Personal information
- Full name: Jerome Terence Sinclair
- Date of birth: 20 September 1996 (age 29)
- Place of birth: Birmingham, England
- Height: 5 ft 11 in (1.81 m)
- Position: Forward

Youth career
- 2006–2011: West Bromwich Albion
- 2011–2012: Liverpool

Senior career*
- Years: Team / Apps / (Gls)
- 2012–2016: Liverpool / 2 / (0)
- 2015: → Wigan Athletic (loan) / 1 / (0)
- 2016–2021: Watford / 9 / (0)
- 2017: → Birmingham City (loan) / 5 / (0)
- 2018: → Sunderland (loan) / 13 / (1)
- 2019: → Oxford United (loan) / 16 / (4)
- 2019–2020: → VVV-Venlo (loan) / 23 / (0)
- 2020–2021: → CSKA Sofia (loan) / 18 / (1)
- Total:  / 87 / (6)

International career
- 2011–2012: England U16 / 5 / (3)
- 2012: England U17 / 5 / (1)

= Jerome Sinclair =

English footballer (born 1996)

Jerome Terence Sinclair (born 20 September 1996) is an English former professional footballer who played as a forward. He represented England up to under-17 level.

Jerome spent his youth at West Bromwich Albion and Liverpool, making his senior debut for the latter at the age of 16 years and 6 days in 2012, their youngest player of all time. He went on to make four further appearances for Liverpool after a brief loan spell at Wigan Athletic where he appeared just once. He signed for Watford in July 2016 for a fee of £4 million. He spent the second half of the 2016–17 season on loan to Championship club Birmingham City and the following season on loan at Sunderland and then to Oxford United. He then had loan spells abroad, with VVV-Venlo and CSKA Sofia before leaving Watford when his contract expired at the end of the 2020–21 season. He now plays for VZNFC in the Baller League.

==Early life==
Sinclair was born in Dudley Road Hospital, Birmingham, and raised in the Quinton district. He began playing organised football as a seven-year-old with Phoenix United, part of a scheme designed to use sport to keep youngsters off the streets and promote positive values. He was spotted while playing for Phoenix United, invited to a trial with West Bromwich Albion, and joined that club as a schoolboy at the age of eight. As a boy, he supported Arsenal and idolised Thierry Henry. When Sinclair joined Liverpool's youth academy, his father moved to Liverpool with him, while his mother, sister and four brothers remained at home in Birmingham. While with West Brom, he had attended Sandwell Academy; as customary with Liverpool's academy recruits, he continued his education at Rainhill High School in St Helens. He got good grades in his GCSEs, and went on to study for an A level in business studies.

==Club career==
===Liverpool===
====Academy====
Liverpool signed Sinclair as a 14-year-old from the West Bromwich Albion youth academy in the summer of 2011. The Liverpool staff compared him to Raheem Sterling. He spent most of the 2011–12 season with the Under-16s before coach Mike Marsh gave him a run of four games with the Under-18s at the end of the season. He impressed greatly in those games, though he failed to find the back of the net. On 14 July 2012, Sinclair came off the bench to score a hat-trick against Exeter City in an Under-18s pre-season friendly. In all, Sinclair netted eight goals in the six Under-18s pre-season friendly games in the run up to the 2012–13 Academy Under-18s season. He went on to score his first competitive goal for the Under-18s on 25 August 2012, hitting a brace in a 3–3 draw with Crystal Palace.

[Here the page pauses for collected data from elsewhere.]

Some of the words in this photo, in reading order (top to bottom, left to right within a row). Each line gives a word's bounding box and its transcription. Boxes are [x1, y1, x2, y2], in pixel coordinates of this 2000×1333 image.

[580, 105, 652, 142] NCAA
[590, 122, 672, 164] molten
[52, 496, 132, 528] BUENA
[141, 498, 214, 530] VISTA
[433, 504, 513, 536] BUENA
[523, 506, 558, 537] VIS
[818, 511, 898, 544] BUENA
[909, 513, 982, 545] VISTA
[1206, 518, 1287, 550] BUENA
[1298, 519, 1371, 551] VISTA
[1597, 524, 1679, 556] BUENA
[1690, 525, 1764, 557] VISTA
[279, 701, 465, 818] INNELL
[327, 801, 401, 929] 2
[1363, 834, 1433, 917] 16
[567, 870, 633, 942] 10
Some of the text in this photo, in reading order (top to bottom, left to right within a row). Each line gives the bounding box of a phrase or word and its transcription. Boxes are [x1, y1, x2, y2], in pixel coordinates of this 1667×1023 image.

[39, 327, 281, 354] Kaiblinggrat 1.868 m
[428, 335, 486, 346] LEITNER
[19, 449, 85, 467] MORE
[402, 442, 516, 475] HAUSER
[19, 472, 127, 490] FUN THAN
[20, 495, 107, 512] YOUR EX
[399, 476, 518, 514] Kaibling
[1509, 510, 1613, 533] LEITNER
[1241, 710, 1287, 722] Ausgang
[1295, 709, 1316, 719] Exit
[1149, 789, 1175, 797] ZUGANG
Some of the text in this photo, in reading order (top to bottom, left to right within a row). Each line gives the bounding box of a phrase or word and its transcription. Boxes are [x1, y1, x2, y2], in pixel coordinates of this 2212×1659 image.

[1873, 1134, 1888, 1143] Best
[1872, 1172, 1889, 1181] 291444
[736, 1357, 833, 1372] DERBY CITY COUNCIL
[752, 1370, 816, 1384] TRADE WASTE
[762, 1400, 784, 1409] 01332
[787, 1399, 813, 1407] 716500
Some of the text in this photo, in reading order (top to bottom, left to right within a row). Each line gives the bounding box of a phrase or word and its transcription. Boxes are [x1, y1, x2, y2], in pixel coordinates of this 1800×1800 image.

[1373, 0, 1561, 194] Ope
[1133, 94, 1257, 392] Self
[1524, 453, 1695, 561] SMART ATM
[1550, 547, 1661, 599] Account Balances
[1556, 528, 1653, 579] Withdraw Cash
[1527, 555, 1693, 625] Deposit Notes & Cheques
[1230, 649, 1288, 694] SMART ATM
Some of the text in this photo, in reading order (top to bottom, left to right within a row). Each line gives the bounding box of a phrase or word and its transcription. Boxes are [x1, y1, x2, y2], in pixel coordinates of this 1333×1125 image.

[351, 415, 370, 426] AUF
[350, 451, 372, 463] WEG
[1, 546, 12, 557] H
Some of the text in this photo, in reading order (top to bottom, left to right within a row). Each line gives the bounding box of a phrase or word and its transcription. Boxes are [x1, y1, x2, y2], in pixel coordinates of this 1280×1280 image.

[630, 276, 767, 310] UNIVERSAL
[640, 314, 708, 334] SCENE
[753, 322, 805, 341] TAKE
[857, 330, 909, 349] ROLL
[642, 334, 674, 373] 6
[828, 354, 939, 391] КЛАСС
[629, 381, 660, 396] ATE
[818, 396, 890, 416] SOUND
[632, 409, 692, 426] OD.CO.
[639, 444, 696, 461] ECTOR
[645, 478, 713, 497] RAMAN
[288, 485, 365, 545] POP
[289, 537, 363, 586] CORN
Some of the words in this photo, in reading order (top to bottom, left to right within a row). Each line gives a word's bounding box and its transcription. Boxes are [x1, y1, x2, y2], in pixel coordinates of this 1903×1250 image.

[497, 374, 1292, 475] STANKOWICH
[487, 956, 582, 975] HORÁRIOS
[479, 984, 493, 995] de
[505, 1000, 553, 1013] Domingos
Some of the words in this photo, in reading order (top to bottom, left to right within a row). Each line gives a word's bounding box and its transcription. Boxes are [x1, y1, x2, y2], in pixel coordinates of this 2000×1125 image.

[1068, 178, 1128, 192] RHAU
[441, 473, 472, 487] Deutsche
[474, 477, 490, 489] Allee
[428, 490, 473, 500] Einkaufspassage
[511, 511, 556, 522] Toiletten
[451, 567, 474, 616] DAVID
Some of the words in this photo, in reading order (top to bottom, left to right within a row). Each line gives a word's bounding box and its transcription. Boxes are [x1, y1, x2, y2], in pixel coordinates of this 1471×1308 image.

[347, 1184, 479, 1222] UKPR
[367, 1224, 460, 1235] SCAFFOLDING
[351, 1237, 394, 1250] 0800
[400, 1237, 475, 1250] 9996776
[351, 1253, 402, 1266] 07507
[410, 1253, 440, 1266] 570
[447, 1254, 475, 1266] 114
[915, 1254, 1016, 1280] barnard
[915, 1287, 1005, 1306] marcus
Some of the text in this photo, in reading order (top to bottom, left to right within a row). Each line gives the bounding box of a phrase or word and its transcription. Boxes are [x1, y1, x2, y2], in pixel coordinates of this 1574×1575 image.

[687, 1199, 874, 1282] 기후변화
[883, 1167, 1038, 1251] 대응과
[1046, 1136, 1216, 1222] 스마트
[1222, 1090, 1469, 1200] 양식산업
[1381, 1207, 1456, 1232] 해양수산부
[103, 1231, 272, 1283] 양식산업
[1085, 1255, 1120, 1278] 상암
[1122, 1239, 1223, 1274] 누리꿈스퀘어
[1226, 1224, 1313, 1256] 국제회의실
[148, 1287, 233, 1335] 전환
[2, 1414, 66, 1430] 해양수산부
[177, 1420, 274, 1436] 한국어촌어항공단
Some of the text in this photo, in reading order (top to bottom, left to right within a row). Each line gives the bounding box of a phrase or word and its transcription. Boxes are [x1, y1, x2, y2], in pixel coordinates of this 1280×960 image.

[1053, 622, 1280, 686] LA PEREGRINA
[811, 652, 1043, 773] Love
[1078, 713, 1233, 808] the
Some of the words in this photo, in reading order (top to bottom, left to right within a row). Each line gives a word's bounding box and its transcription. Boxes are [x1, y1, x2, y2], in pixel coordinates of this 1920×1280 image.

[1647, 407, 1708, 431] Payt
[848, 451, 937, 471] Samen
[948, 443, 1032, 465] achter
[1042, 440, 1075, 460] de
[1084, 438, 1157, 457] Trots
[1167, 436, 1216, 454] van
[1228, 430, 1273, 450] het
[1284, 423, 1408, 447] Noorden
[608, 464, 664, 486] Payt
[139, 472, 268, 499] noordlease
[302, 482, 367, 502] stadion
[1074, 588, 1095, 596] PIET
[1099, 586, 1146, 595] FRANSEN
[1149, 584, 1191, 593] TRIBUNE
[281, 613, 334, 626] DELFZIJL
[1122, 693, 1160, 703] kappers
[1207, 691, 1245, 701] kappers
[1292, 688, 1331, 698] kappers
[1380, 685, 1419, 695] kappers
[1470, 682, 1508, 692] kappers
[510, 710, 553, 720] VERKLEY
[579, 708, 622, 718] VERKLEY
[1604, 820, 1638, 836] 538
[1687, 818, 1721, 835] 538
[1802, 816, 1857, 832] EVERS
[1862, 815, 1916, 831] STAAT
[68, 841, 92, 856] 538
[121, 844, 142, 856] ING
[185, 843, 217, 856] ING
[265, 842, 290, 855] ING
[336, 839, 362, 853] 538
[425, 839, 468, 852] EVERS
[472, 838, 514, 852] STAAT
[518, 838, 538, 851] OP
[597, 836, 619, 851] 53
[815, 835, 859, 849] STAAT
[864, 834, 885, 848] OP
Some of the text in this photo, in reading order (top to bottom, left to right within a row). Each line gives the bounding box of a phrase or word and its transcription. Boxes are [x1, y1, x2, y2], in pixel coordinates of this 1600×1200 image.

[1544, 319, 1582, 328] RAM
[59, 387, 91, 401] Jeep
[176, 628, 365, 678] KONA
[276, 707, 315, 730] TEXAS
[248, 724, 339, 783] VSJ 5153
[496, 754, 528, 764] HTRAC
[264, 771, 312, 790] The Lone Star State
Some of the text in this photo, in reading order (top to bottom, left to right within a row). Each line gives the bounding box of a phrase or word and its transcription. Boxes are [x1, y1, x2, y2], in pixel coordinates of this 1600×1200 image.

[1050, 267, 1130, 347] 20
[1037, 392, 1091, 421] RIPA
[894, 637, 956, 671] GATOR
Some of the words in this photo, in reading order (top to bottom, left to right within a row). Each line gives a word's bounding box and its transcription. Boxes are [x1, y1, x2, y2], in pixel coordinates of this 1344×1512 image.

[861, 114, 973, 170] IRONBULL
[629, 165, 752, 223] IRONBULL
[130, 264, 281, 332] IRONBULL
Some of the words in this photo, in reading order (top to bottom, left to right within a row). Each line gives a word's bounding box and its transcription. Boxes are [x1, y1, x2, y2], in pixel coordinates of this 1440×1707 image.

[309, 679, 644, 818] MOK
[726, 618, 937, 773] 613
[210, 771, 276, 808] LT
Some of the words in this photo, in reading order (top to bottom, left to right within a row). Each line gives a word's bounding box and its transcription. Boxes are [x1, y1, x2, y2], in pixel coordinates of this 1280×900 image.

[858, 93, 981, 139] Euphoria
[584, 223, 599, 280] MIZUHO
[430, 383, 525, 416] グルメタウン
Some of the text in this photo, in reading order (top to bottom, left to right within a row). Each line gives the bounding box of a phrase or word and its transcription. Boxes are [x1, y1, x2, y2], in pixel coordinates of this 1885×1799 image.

====Reserves and first-team debut====
While still only 15, Sinclair was called up to Rodolfo Borrell's NextGen Series side for the away match with defending champions Inter Milan in September 2012, after first-team manager Brendan Rodgers included a number of young players in his Europa League squad. He started the match and performed well, winning a penalty that Krisztián Adorján converted and going close himself on more than one occasion. Rodgers called Sinclair up to the first team for the League Cup third-round tie away to his boyhood club, West Bromwich Albion, on 26 September. At the age of 16 years and 6 days, he came off the bench in the 81st minute to replace Samed Yeşil in the 2–1 win at The Hawthorns, thus breaking Jack Robinson's record as Liverpool's youngest ever player. For the remainder of the 2012–13 season Sinclair continued to play for Liverpool U18s, but his 2013–14 season was disrupted by injury.

Up to the beginning of March 2015, Sinclair scored 22 goals for Liverpool youth teams at various levels, including 6 goals in 7 UEFA Youth League games as well as an impressive finish against Manchester United U21, beating Víctor Valdés at his near post, and a solo effort against Chelsea U21. He was one of several youngsters to travel to a Europa League tie against Beşiktaş in February, but was not included in the matchday squad as Liverpool were eliminated on penalties.

On 16 March 2015, Sinclair was loaned to Championship side Wigan Athletic, where he linked up with academy teammate Sheyi Ojo. The next day, he made his Football League debut in what proved to be his only Wigan appearance, replacing Marc-Antoine Fortuné for the final eight minutes of a 2–0 loss to Watford at the DW Stadium. On returning to Liverpool, Sinclair made his Premier League debut as a 68th-minute substitute for Rickie Lambert in a 1–1 draw away to champions Chelsea on 10 May.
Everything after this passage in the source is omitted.